__Exercise data__:
************

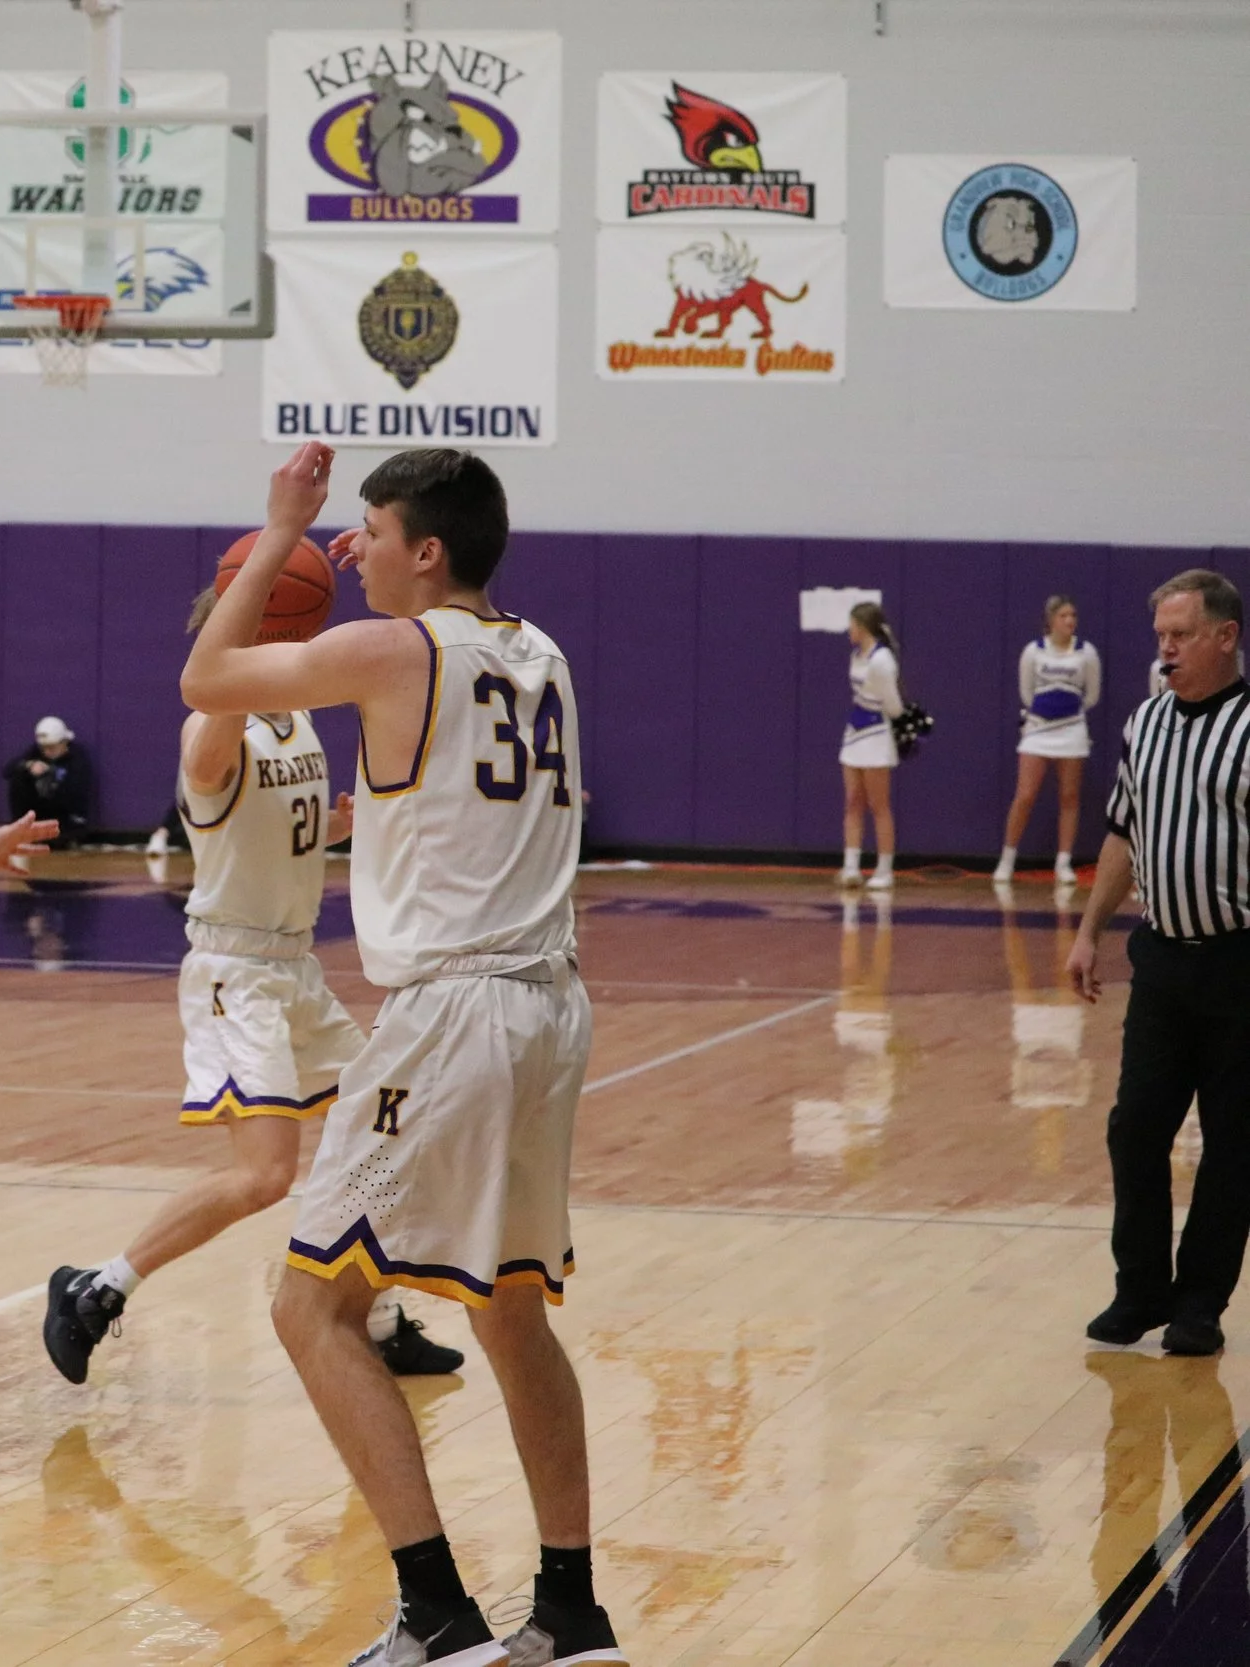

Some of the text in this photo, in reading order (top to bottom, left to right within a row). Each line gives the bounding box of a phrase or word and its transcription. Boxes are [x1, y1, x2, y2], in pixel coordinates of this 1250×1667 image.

[303, 38, 526, 99] KEARNEY
[9, 184, 203, 214] WARIORS
[350, 198, 475, 221] BULLDOGS
[630, 183, 810, 215] CARDINALS
[278, 403, 540, 439] BLUE DIVISION
[472, 670, 571, 808] 34
[211, 981, 226, 1017] K
[372, 1086, 410, 1137] K
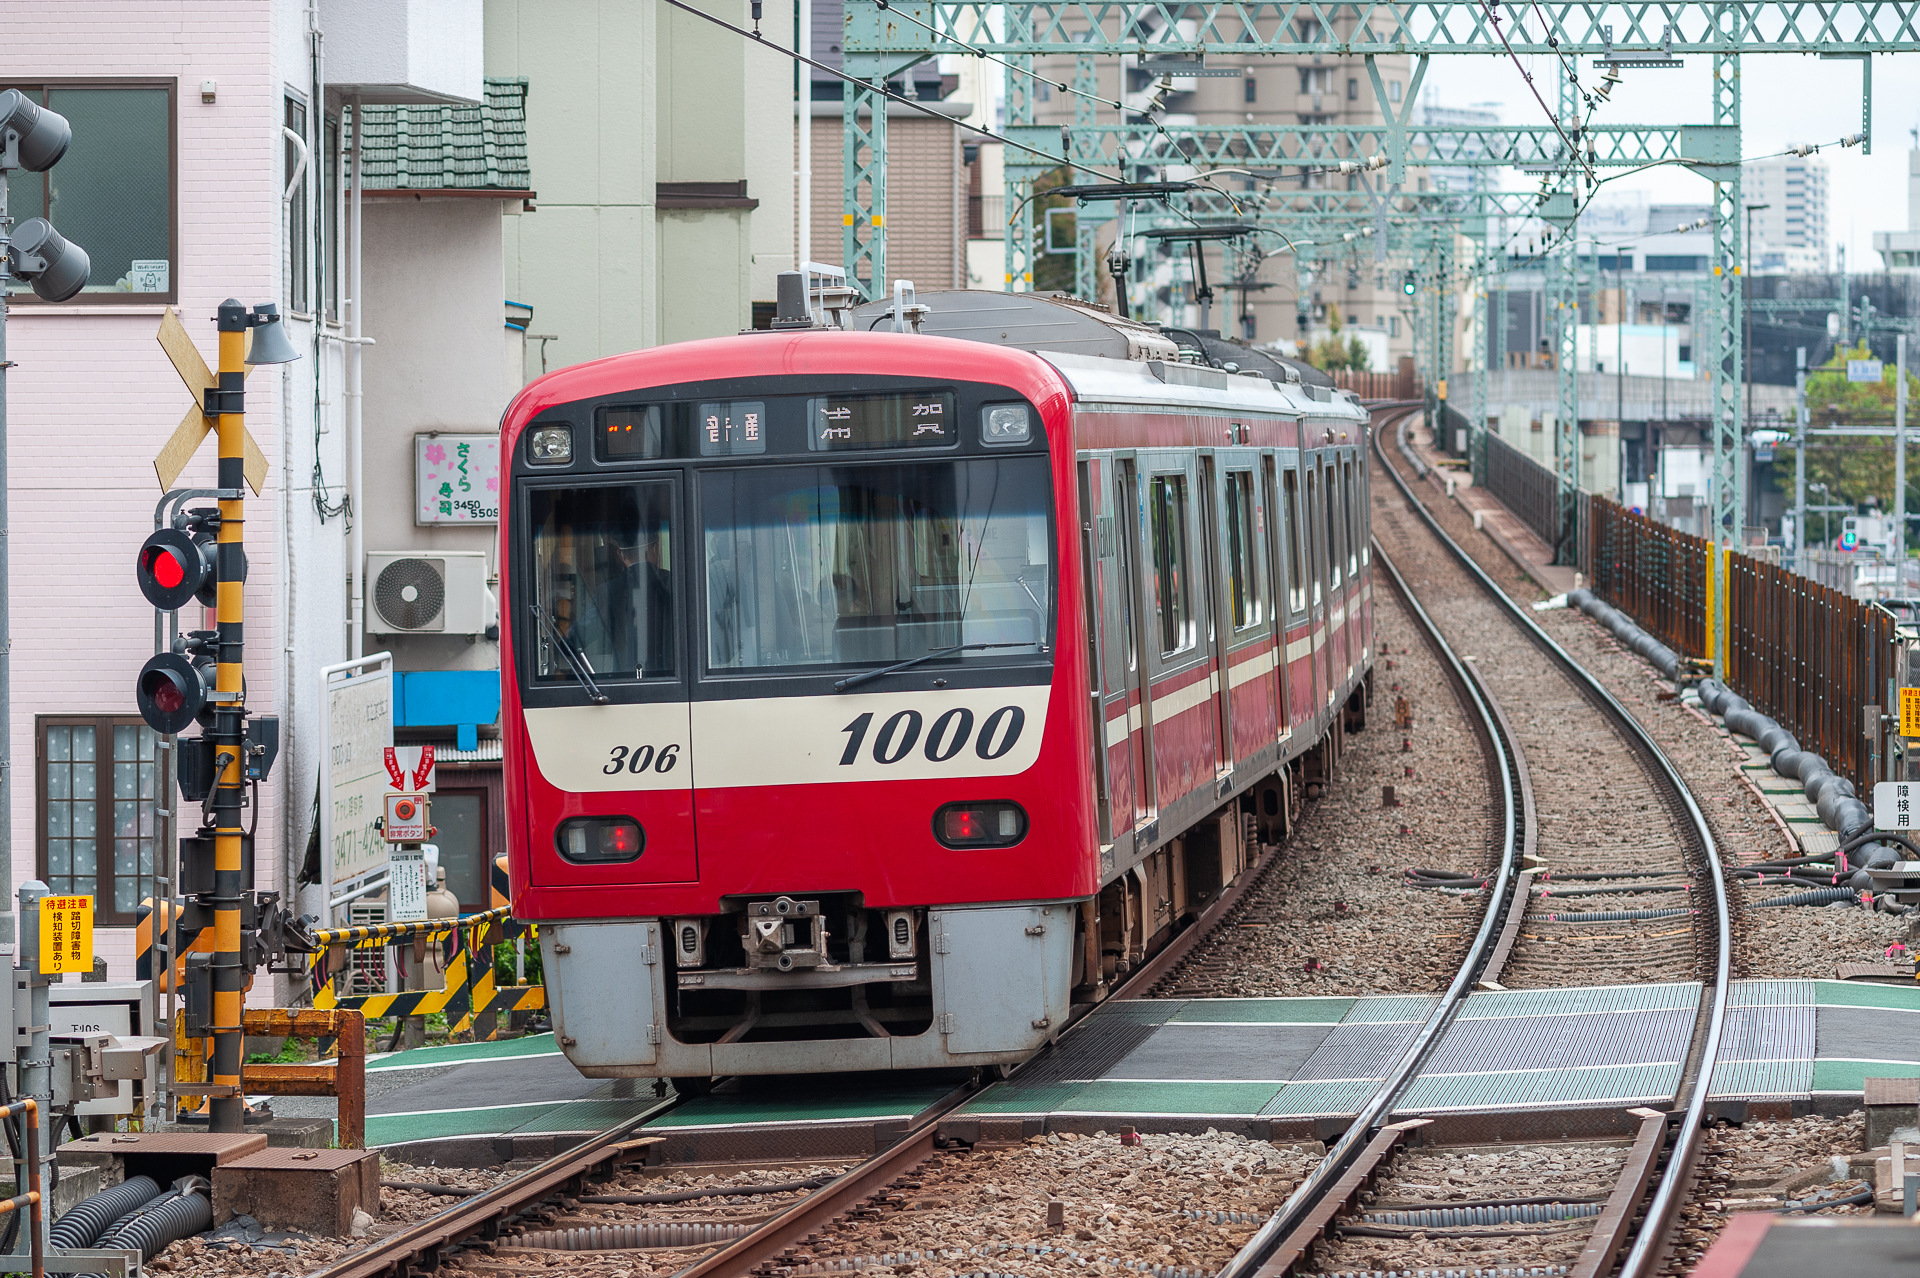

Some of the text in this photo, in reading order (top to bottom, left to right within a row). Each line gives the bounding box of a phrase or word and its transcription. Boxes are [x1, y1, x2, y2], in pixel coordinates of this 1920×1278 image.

[457, 442, 471, 492] さくら
[439, 482, 453, 516] 寿司
[454, 500, 480, 510] 3450
[839, 705, 1026, 767] 1000
[603, 744, 680, 775] 306
[1897, 785, 1909, 827] 障検用
[389, 829, 423, 838] 非常ボタン
[46, 898, 88, 910] 待避注意
[52, 911, 63, 971] 検知装置あり
[70, 911, 81, 961] 踏切障害物

************

__Task to carry out__: Please give the data again unaltered, leaving out any images.

__Solution to this problem__:
Some of the text in this photo, in reading order (top to bottom, left to right within a row). Each line gives the bounding box of a phrase or word and its transcription. Boxes are [x1, y1, x2, y2], in pixel coordinates of this 1250×1667 image.

[303, 38, 526, 99] KEARNEY
[9, 184, 203, 214] WARIORS
[350, 198, 475, 221] BULLDOGS
[630, 183, 810, 215] CARDINALS
[278, 403, 540, 439] BLUE DIVISION
[472, 670, 571, 808] 34
[211, 981, 226, 1017] K
[372, 1086, 410, 1137] K

Some of the text in this photo, in reading order (top to bottom, left to right within a row). Each line gives the bounding box of a phrase or word and its transcription. Boxes are [x1, y1, x2, y2], in pixel coordinates of this 1920×1278 image.

[457, 442, 471, 492] さくら
[439, 482, 453, 516] 寿司
[454, 500, 480, 510] 3450
[839, 705, 1026, 767] 1000
[603, 744, 680, 775] 306
[1897, 785, 1909, 827] 障検用
[389, 829, 423, 838] 非常ボタン
[46, 898, 88, 910] 待避注意
[52, 911, 63, 971] 検知装置あり
[70, 911, 81, 961] 踏切障害物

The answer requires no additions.